‘The first 12 years were sleepless nights’: Apartment owners left with large bills for remedial works

‘I asked them where am I going to get the money... I paid for this out of savings for my funeral’

One of thousands of apartment owners across the State left with large bills for remedial works, Gabrielle Kavanagh is anxious about what further problems have yet to be discovered about her home.

Having been hit with an initial €5,332 bill to fix fire safety and balcony defects, she was told — along with several other buyers at Cathedral Court in Dublin 8 — to fork out €3,000 each for new hot water boilers. This was after a boiler leaked in the complex, resulting in all boilers being deemed a risk.

“I asked them: Where was I going to get the money? I told them this was my funeral savings, but they didn’t listen. I paid for this out of savings for my funeral,” she said.

“I work in a hospital and I’m not overly paid. I have to find all this money and I have to find an extra €2,000 a year for management charges.”

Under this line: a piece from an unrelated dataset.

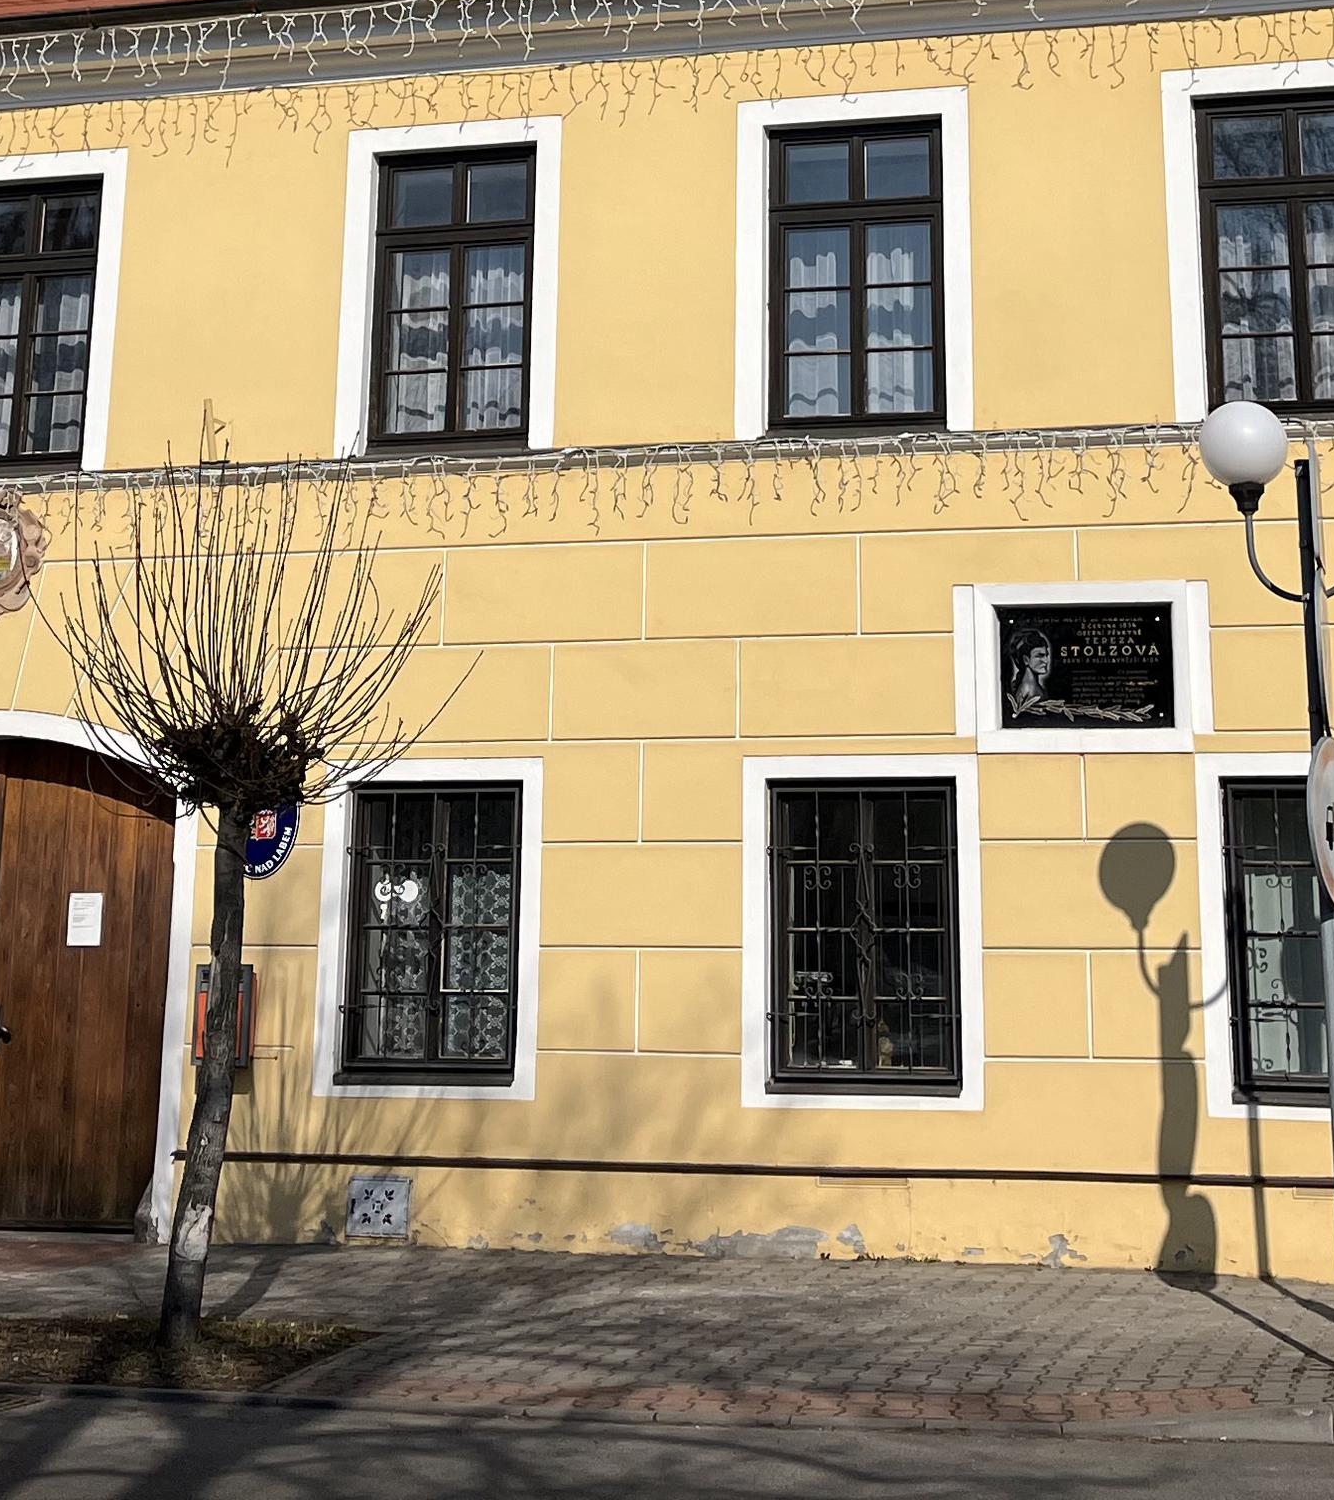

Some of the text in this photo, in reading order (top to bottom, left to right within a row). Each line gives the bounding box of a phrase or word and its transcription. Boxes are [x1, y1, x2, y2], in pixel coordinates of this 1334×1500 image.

[1084, 636, 1135, 645] TEREZA
[1060, 642, 1160, 657] STOLZOVÁ
[254, 826, 293, 874] NAD LABEM

Ms Kavanagh is one of a number of owners of apartments in Cathedral Court who were impacted by serious balcony and fire safety defects identified at in their development of 104 apartments, built off Clanbrassil Street, by Sherborough Enterprises Limited (SEL) in 2006.

Apartments had sold for up to €575,000, with car parking spaces costing an additional €40,000. SEL retained 64 of the apartments, for use as luxury lettings.

In 2016 a building surveyor’s report found problems with a large number of balconies in the complex, while a fire safety survey in 2018 also found a number of fire-stopping shortcomings.

The report of a working group on defects in housing, commissioned by Minister for Housing Darragh O’Brien and published on Thursday, says boomtime builders responsible for defective homes cannot be made to pay for remediation works which will cost billions of euro and take years to complete.

The report recommends that a central organisation provide assistance to owners’ management companies and apartment owners with remedial works, and a register of building professionals be established to carry these out.

Ms Kavanagh previously spoke to The Irish Times about what she felt was the unfairness of apartment owners being asked to pay for defects which she felt the developers should have fixed at their own cost. The defects left her “trapped” with limited options to sell the apartment. Now, she says, “we don’t know what we will be asked to pay for next”.

Micheál O’Reilly is the owner of an apartment in a small development at The Oaks, Lakepoint, in Mullingar Co Westmeath, which he bought to let in 2006.

A safety report commissioned by the owners allege numerous issues, including exposed gas pipework in the stairwells and since about 2010 insurance companies would no longer offer cover. When slates blew off the roof in recent years, owners had to pay out of their own pockets for damage to cars in the car park.

Mr O’Reilly was also in the invidious position that he had to rent the apartment to pay the mortgage. If he didn’t he said, the bank would have proceeded against him and all that entails. However, having someone in the apartment when he was aware of the defects “meant I was responsible for that person’s safety”.

When they were built, the apartments were selling for €155,000. If it was all fixed up now, he thinks it would make about €120,000. But he says, the owners estimate the remedial works would cost in the region of €100,000 per apartment.

“I have been chasing this for 16 years, the first 12 were sleepless nights until I got used to it,” he says.